October 15, 2021 | OPINION | By Tom Byron | Illustration by Sierra Romero

Colorado College students have the chance to decide the outcome of a vital election. This year, the District 11 school board race is a stark choice between people who care about public education and people who want to use this election as the latest battleground in the national culture war over public health and racial justice. 

Though the race is nonpartisan, half the candidates in the race are pushing policies straight out of the Republican Party platform: ban masks in schools, end vaccine mandates, shut down discussions of racial equity, and defund public education.

If these candidates win, they will expose children to the deadliest pandemic in United States history just to score political points. They will ensure that this city’s students are taught a history that hides the impacts of race in America by teachers being paid minimal wages in schools that were built before most of our parents were even born.

As CC students, we know what it’s like to have our education shattered by quarantines and made mind-numbing by more than a year of remote learning. We’ve experienced the shock of learning for the first time the full picture of U.S. history and the harm inflicted on people of color for centuries up until the present day. 

We’ve felt the frustration of attending schools that don’t seem to care about what kind of education we get, only what test scores we can churn out.

We’re in the unique position of being young enough to remember what it’s actually like to be a student in the American education system and old enough to have a say in how it’s run. These problems aren’t distant concerns for us; they’re barely even in the past. Those students who come after us deserve something better than what we got.

There are four seats available on the school board, in addition to a major ballot initiative that would raise hundreds of millions of dollars to rebuild local schools. You can vote for up to three candidates for the four-year school board seats, one candidate for the two-year school board seat, and “yes” or “no” on question 4B for the education bond.

Chris Wallis, Julie Ott, and Jen Williamson are my choices for the four-year school board seats. Shawn Gullixson is my pick for the two-year school board seat. Voting “yes” on question 4B will ensure that District 11 can renovate and improve its schools without having to raise taxes.

I’ve met and worked with every candidate on this list over the past few months as a volunteer organizer for Chris Wallis’s campaign. I’ve knocked on doors with them, gone to back-to-school nights alongside them, and had the privilege to get to know them as people. 

Wallis, Ott, and Gullixson are already on the school board, and have a strong record of voting for safe, strong, and inclusive public education. Williamson is a passionate community activist with deep ties to District 11 and Colorado Springs, and she’s worked for years to give parents and students a greater voice in how their schools are run. 

All four have been endorsed by the teachers of District 11, and many of them have children in District 11 schools. Most importantly, at least to me, they’re all good people. They care about students, they care about teachers, and they want to make this school district better for everyone in it. 

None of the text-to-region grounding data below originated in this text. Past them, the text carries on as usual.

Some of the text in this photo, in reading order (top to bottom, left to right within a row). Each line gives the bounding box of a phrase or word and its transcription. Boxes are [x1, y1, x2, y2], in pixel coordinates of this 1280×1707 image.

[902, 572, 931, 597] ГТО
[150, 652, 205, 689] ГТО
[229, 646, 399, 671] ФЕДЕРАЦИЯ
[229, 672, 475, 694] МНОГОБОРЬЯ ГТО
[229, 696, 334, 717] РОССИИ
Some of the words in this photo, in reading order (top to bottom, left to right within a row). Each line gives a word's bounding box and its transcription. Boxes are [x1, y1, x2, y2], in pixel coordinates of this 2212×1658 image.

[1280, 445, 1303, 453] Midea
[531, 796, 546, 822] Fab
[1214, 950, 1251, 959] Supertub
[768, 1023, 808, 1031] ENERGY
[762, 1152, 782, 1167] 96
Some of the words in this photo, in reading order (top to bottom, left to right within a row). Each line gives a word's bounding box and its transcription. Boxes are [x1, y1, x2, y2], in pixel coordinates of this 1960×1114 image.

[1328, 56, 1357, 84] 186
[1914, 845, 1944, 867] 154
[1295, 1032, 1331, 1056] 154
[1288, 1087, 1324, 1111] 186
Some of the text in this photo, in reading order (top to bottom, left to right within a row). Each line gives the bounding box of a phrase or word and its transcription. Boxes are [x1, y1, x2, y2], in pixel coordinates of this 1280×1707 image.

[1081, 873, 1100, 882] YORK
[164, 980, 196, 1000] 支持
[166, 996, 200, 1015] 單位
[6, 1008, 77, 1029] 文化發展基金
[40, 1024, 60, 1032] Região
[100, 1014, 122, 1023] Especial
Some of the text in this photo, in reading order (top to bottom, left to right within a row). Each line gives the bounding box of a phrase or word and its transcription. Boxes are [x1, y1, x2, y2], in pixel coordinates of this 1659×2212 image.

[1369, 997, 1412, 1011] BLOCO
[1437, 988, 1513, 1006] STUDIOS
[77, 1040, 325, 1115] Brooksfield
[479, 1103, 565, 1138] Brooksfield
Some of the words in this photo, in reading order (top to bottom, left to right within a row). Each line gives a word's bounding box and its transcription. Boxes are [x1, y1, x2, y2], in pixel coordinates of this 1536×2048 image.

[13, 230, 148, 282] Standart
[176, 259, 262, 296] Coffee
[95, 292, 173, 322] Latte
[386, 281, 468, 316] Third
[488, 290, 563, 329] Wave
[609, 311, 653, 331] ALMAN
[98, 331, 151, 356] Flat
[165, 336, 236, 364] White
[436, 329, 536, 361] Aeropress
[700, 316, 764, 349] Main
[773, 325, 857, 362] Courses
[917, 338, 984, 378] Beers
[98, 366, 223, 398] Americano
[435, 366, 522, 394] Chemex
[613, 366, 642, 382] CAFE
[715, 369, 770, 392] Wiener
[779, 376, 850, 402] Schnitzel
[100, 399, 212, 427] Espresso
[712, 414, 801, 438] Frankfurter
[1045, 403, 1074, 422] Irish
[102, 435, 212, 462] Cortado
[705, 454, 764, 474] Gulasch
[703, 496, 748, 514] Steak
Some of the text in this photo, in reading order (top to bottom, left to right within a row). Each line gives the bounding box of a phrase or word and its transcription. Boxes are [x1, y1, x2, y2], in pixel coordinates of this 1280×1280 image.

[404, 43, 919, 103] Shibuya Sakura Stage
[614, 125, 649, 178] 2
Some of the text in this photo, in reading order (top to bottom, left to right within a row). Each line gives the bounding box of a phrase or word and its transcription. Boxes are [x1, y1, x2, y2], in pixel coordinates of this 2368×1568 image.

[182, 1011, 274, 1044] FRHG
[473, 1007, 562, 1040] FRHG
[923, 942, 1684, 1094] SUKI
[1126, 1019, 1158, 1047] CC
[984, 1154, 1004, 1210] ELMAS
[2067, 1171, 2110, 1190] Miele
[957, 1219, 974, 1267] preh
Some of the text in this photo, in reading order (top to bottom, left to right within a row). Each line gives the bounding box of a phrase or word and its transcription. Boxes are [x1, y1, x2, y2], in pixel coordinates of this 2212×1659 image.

Local elections are won by hundreds of votes, not thousands. The difference between winning and losing can be as few as a couple dozen people who took the time to fill out a ballot, and here in Colorado, it’s easier than ever. 

If you’re registered to vote, you’ve already been sent a ballot for this election, and it might be sitting behind the mailroom desk right now. By filling it out and sending it back, you can help give generations of children a safe, equitable, high-quality public education. The kids of Colorado Springs need us, and I know we won’t let them down.